# WORK TO BE COMPLETED
Repeat the data below exactly, dropping any pictures it holds.

[EXTRACTED ENTRIES Boundary: Start]

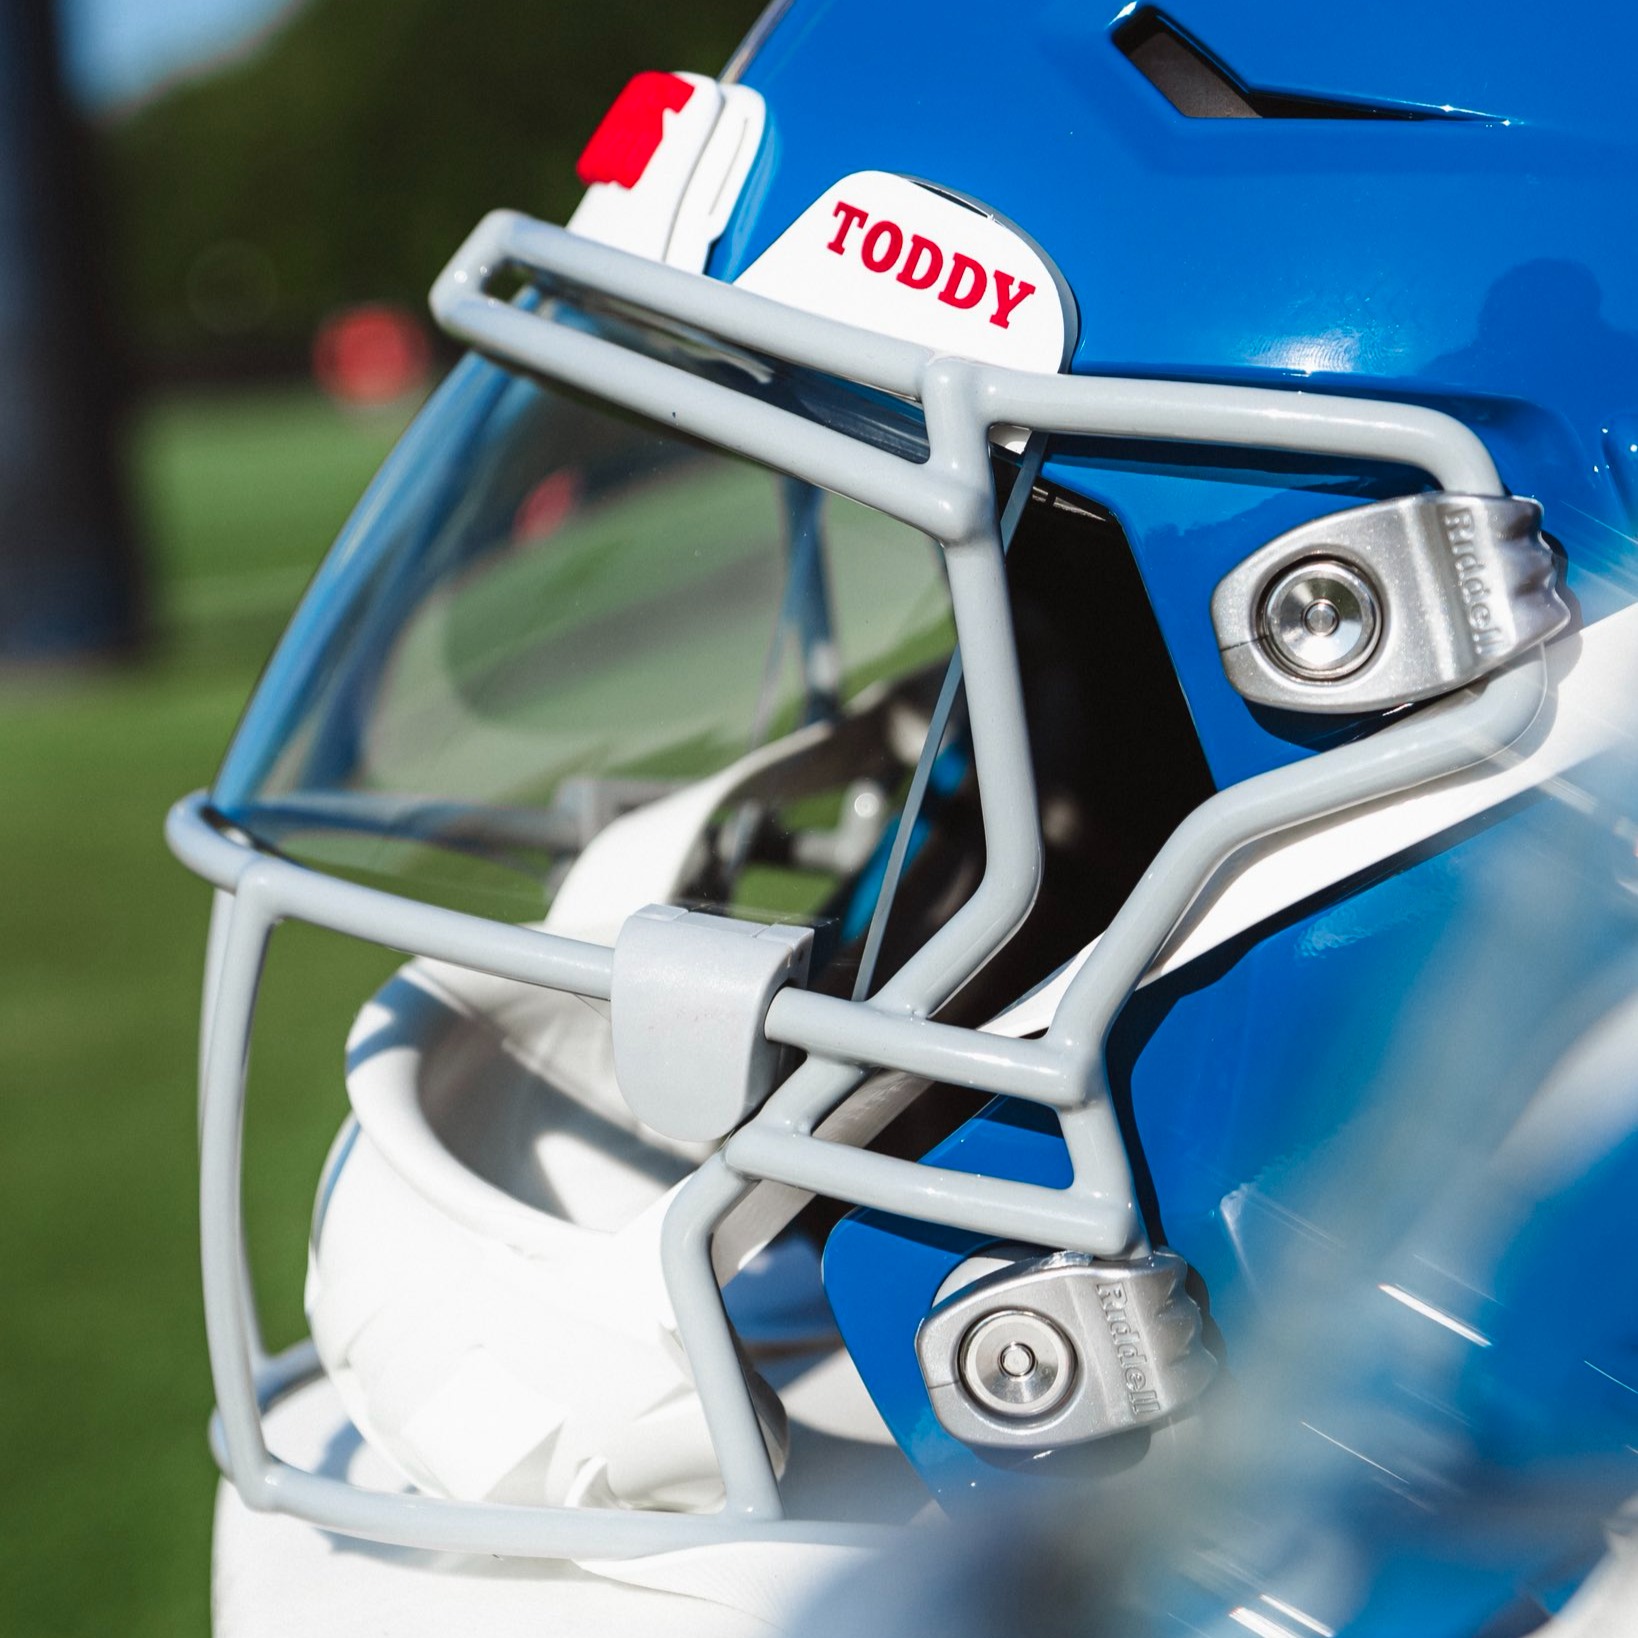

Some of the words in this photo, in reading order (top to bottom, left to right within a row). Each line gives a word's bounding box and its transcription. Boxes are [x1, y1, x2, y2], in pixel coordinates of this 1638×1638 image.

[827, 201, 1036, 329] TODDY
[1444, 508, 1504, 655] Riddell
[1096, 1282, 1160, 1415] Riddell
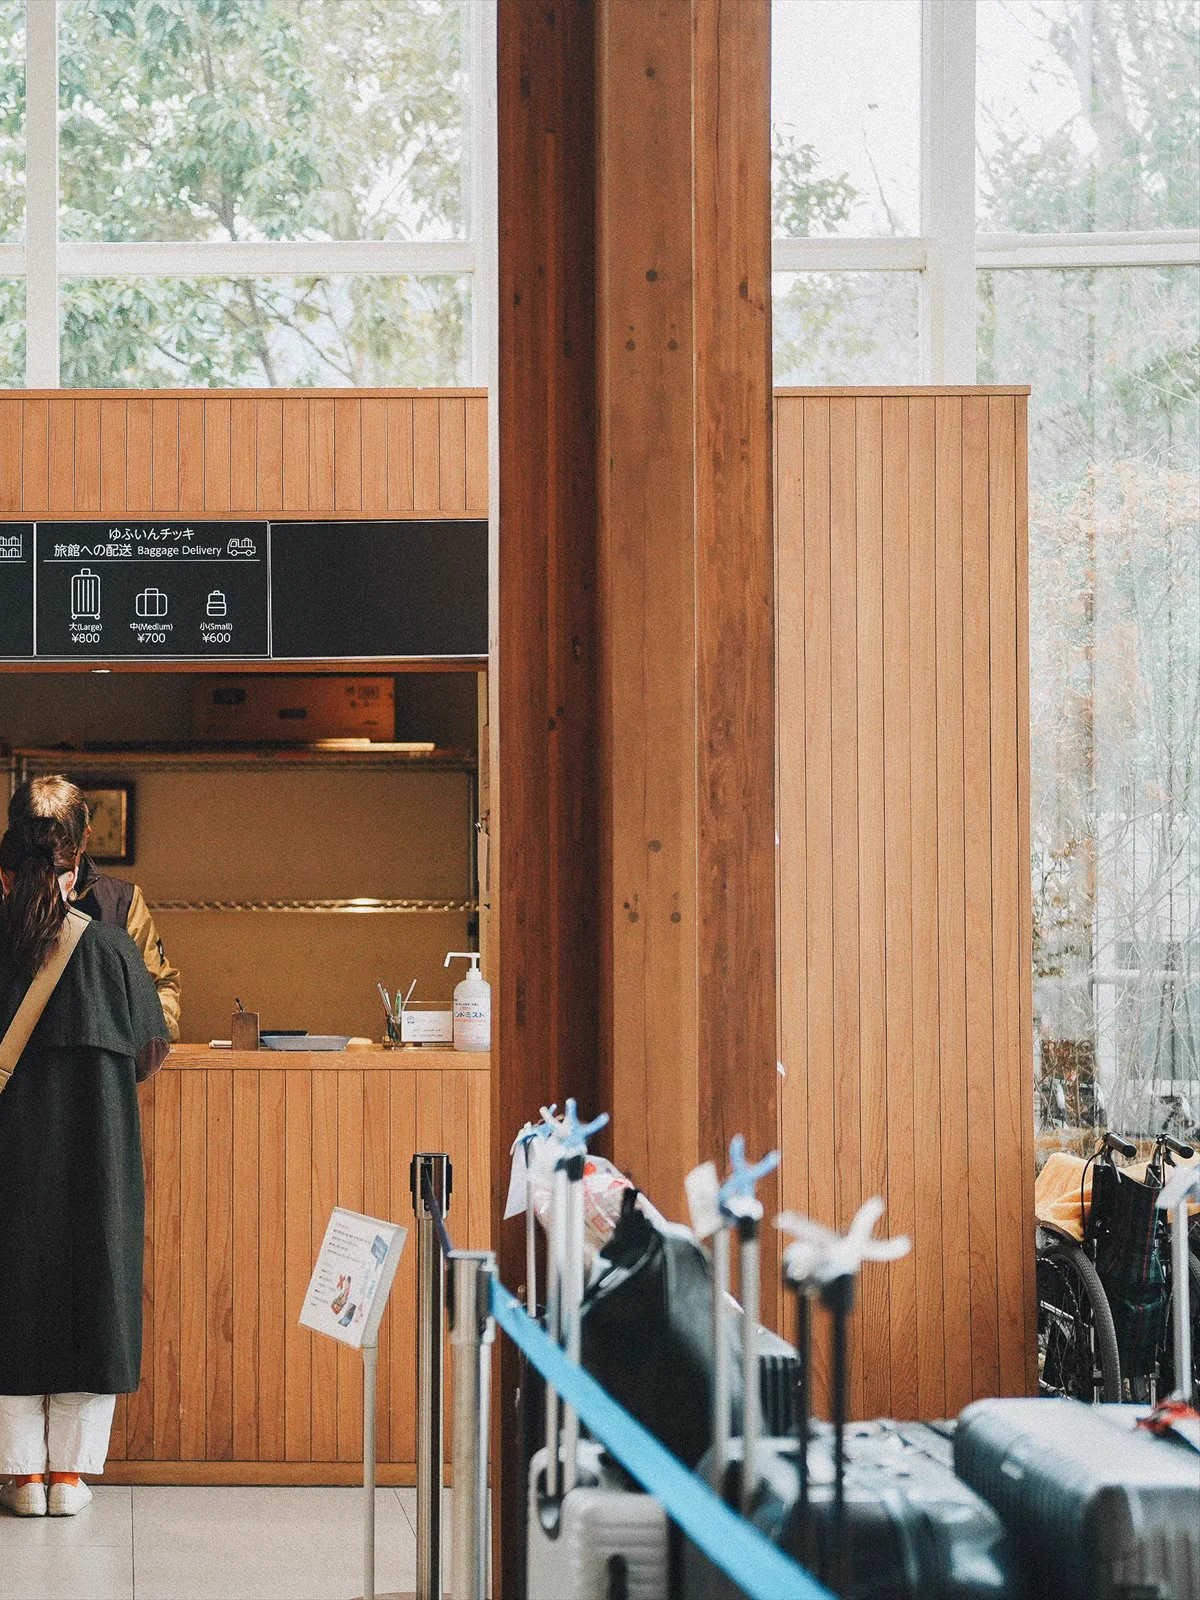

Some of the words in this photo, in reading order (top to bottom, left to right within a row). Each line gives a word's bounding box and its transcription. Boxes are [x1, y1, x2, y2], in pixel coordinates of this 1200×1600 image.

[EXTRACTED ENTRIES Boundary: End]

# ANSWER TO THIS EXERCISE
Some of the words in this photo, in reading order (top to bottom, left to right within a row). Each line gives a word's bounding box and its transcription. Boxes are [x1, y1, x2, y2], in pixel coordinates of this 1638×1638 image.

[827, 201, 1036, 329] TODDY
[1444, 508, 1504, 655] Riddell
[1096, 1282, 1160, 1415] Riddell

Some of the words in this photo, in reading order (top to bottom, left to right within a row). Each line gives a word's bounding box and its transcription. Boxes are [x1, y1, x2, y2], in pixel coordinates of this 1200×1600 image.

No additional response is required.